(Beginning of Records for the task)

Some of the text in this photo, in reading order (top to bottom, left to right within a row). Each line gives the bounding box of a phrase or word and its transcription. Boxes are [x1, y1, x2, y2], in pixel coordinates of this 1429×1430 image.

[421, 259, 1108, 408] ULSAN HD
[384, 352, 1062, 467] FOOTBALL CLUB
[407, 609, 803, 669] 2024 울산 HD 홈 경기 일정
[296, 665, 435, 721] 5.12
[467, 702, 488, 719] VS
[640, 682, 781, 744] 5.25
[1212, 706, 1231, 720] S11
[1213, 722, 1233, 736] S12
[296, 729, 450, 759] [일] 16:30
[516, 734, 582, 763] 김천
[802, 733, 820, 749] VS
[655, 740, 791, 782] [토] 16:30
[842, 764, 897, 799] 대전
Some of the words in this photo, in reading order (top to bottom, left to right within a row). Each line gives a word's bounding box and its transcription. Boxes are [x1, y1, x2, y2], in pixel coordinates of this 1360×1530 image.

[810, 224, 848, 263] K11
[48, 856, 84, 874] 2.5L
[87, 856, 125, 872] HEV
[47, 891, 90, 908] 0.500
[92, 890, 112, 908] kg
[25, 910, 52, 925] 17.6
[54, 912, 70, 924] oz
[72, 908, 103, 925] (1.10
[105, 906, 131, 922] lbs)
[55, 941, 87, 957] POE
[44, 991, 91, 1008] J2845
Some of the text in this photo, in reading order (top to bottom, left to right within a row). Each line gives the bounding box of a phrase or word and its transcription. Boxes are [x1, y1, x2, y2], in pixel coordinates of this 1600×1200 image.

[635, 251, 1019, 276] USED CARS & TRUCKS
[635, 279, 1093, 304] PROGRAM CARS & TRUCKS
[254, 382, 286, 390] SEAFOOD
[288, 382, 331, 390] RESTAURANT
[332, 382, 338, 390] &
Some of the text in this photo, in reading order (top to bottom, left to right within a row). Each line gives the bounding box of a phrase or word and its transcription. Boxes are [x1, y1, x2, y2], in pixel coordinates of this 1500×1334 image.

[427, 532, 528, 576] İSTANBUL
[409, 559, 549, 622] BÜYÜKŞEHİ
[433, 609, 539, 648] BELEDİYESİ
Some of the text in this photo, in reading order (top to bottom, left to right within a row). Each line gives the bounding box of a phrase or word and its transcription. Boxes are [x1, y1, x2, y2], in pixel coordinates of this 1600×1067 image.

(End of Records for the task)

Reproduce the material above, keeping every line intact.

→ Expected answer
Some of the text in this photo, in reading order (top to bottom, left to right within a row). Each line gives the bounding box of a phrase or word and its transcription. Boxes are [x1, y1, x2, y2], in pixel coordinates of this 1429×1430 image.

[421, 259, 1108, 408] ULSAN HD
[384, 352, 1062, 467] FOOTBALL CLUB
[407, 609, 803, 669] 2024 울산 HD 홈 경기 일정
[296, 665, 435, 721] 5.12
[467, 702, 488, 719] VS
[640, 682, 781, 744] 5.25
[1212, 706, 1231, 720] S11
[1213, 722, 1233, 736] S12
[296, 729, 450, 759] [일] 16:30
[516, 734, 582, 763] 김천
[802, 733, 820, 749] VS
[655, 740, 791, 782] [토] 16:30
[842, 764, 897, 799] 대전
Some of the words in this photo, in reading order (top to bottom, left to right within a row). Each line gives a word's bounding box and its transcription. Boxes are [x1, y1, x2, y2], in pixel coordinates of this 1360×1530 image.

[810, 224, 848, 263] K11
[48, 856, 84, 874] 2.5L
[87, 856, 125, 872] HEV
[47, 891, 90, 908] 0.500
[92, 890, 112, 908] kg
[25, 910, 52, 925] 17.6
[54, 912, 70, 924] oz
[72, 908, 103, 925] (1.10
[105, 906, 131, 922] lbs)
[55, 941, 87, 957] POE
[44, 991, 91, 1008] J2845
Some of the text in this photo, in reading order (top to bottom, left to right within a row). Each line gives the bounding box of a phrase or word and its transcription. Boxes are [x1, y1, x2, y2], in pixel coordinates of this 1600×1200 image.

[635, 251, 1019, 276] USED CARS & TRUCKS
[635, 279, 1093, 304] PROGRAM CARS & TRUCKS
[254, 382, 286, 390] SEAFOOD
[288, 382, 331, 390] RESTAURANT
[332, 382, 338, 390] &
Some of the text in this photo, in reading order (top to bottom, left to right within a row). Each line gives the bounding box of a phrase or word and its transcription. Boxes are [x1, y1, x2, y2], in pixel coordinates of this 1500×1334 image.

[427, 532, 528, 576] İSTANBUL
[409, 559, 549, 622] BÜYÜKŞEHİ
[433, 609, 539, 648] BELEDİYESİ
Some of the text in this photo, in reading order (top to bottom, left to right within a row). Each line gives the bounding box of a phrase or word and its transcription. Boxes are [x1, y1, x2, y2], in pixel coordinates of this 1600×1067 image.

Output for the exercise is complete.